LAWMAKERS COULD ADD $25 MILLION TO BRIGHT FUTURES Florida lawmakers next week will consider pumping an additional $25.3 million into the Bright Futures scholarship program amid higher-than-expected student participation this year. The Joint Legislative Budget Commission, which is made up of House and Senate leaders and can make mid-year budget changes, is scheduled to take up the issue January 24th, according to an agenda posted online Thursday. Lawmakers provided nearly $520 million for the Bright Futures program in this budget year. But the latest estimate from state analysts showed an increase in qualifying students could push the cost to about $545 million. The Department of Education is requesting that lawmakers approve an additional $25.3 million for the program, which is funded through what is known as the Educational Enhancement Trust Fund. That trust fund receives money from the Florida Lottery.

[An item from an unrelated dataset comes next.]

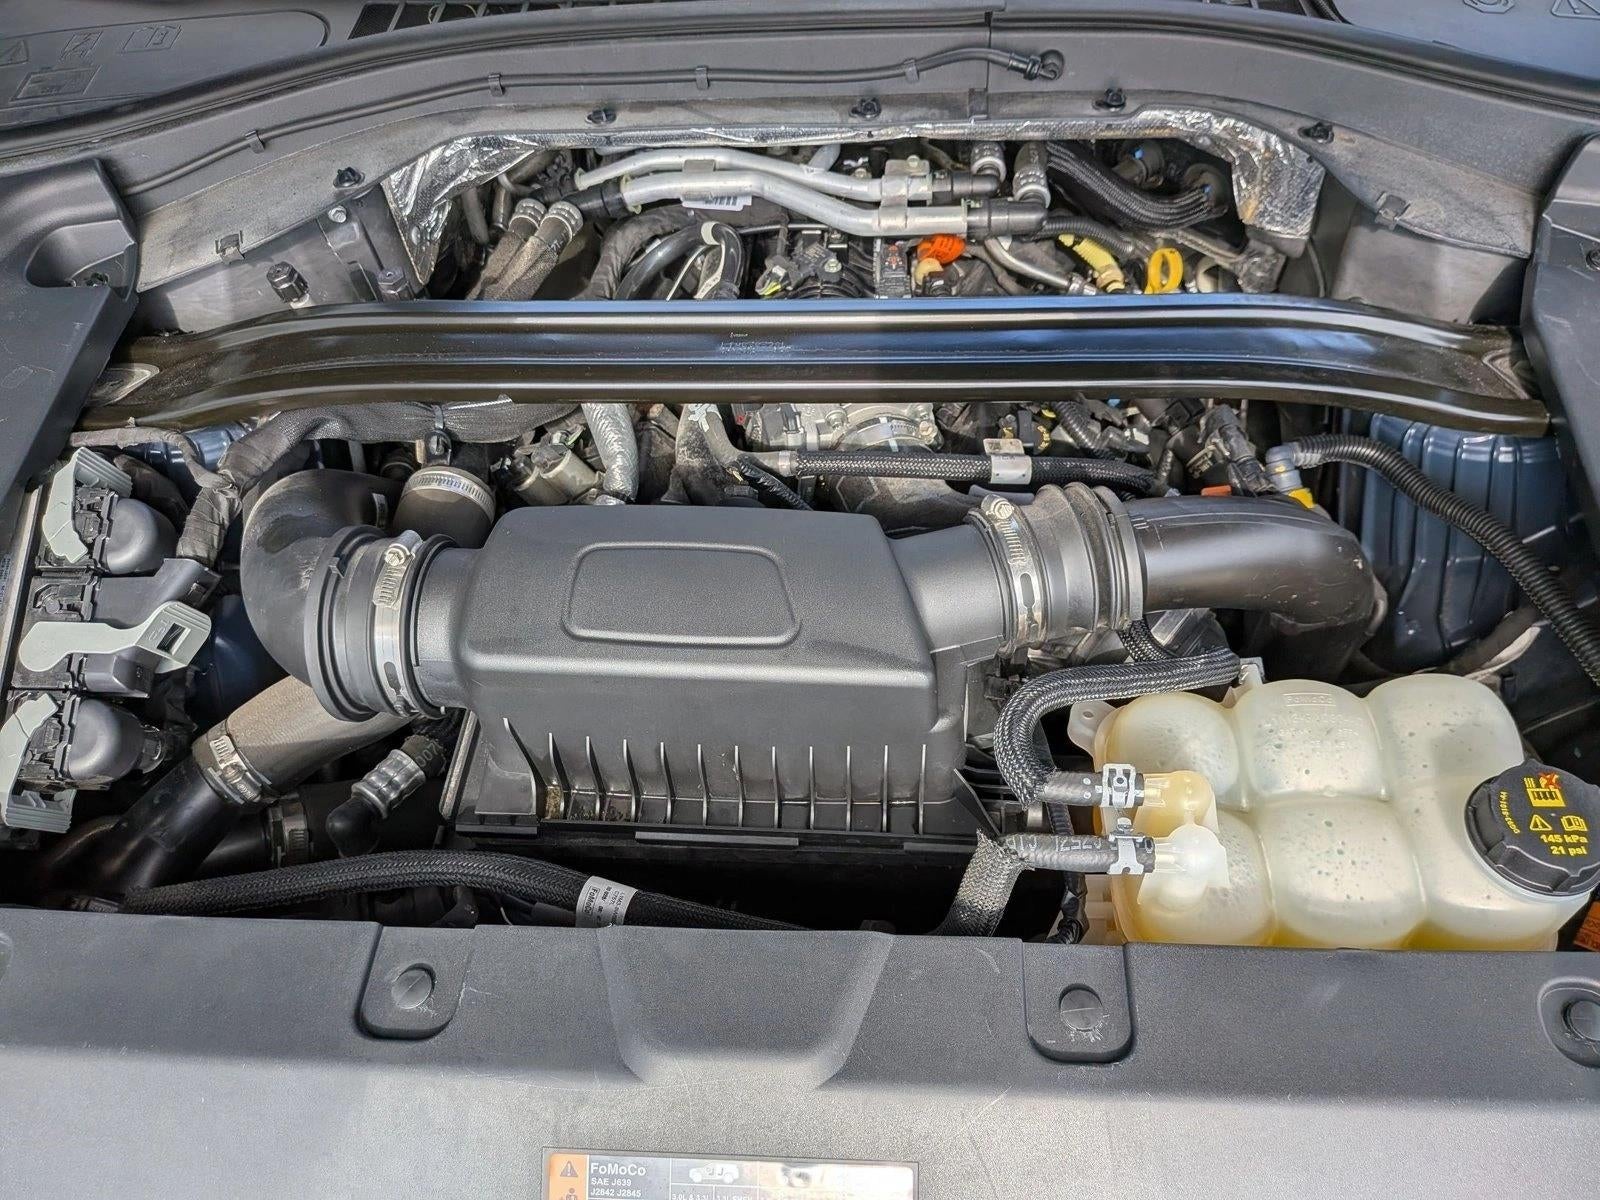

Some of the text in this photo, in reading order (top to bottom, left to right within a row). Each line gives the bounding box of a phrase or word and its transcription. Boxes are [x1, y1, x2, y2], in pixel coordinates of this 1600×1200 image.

HEARING SET ON ABORTION WAITING PERIOD A state appeals court will hear arguments in March about the constitutionality of a 2015 law that would require women to wait 24 hours before having abortions. The 1st District Court of Appeal last week scheduled arguments March 26th in the case, according to an online docket. The state appealed last year after Leon County Circuit Judge Terry Lewis blocked the law. Lewis ruled that the state failed to show there was a quote -compelling state interest- end quote for the 24-hour waiting period and didn’t show that it was enacted in the “least restrictive” manner. Lewis’ ruling made permanent a temporary injunction granted by the Florida Supreme Court in 2017 after a Gainesville abortion clinic challenged the law as a violation of privacy rights under the state Constitution. Supporters of the law have contended a waiting period would give women more time to make informed decisions before having abortions.
DESANTIS SMOKABLE MEDICAL MARIJUANA ISSUES Republican Florida Governor Ron DeSantis wants the ban on smokable medical marijuana ended.  DeSantis criticized the Legislature’s implementation of a medical marijuana law and said Thursday that if they don’t fix it quickly, he’ll take matters into his own hands. DeSantis wants a new law by mid-March that will end a ban on smokable medical marijuana and loosen limits on treatment center licenses, saying voters spoke clearly when they approved medical marijuana in 2016.  If the Legislature fails to act, DeSantis will drop challenges to lawsuits on both those issues, effectively letting the courts resolve them instead of lawmakers. He said he would prefer not to do that because he wants elected representatives to write the law in a way the people intended. DeSantis also said he wants the amended law to address licensing limits that are also subjects of lawsuits.  The annual legislative session begins March 5.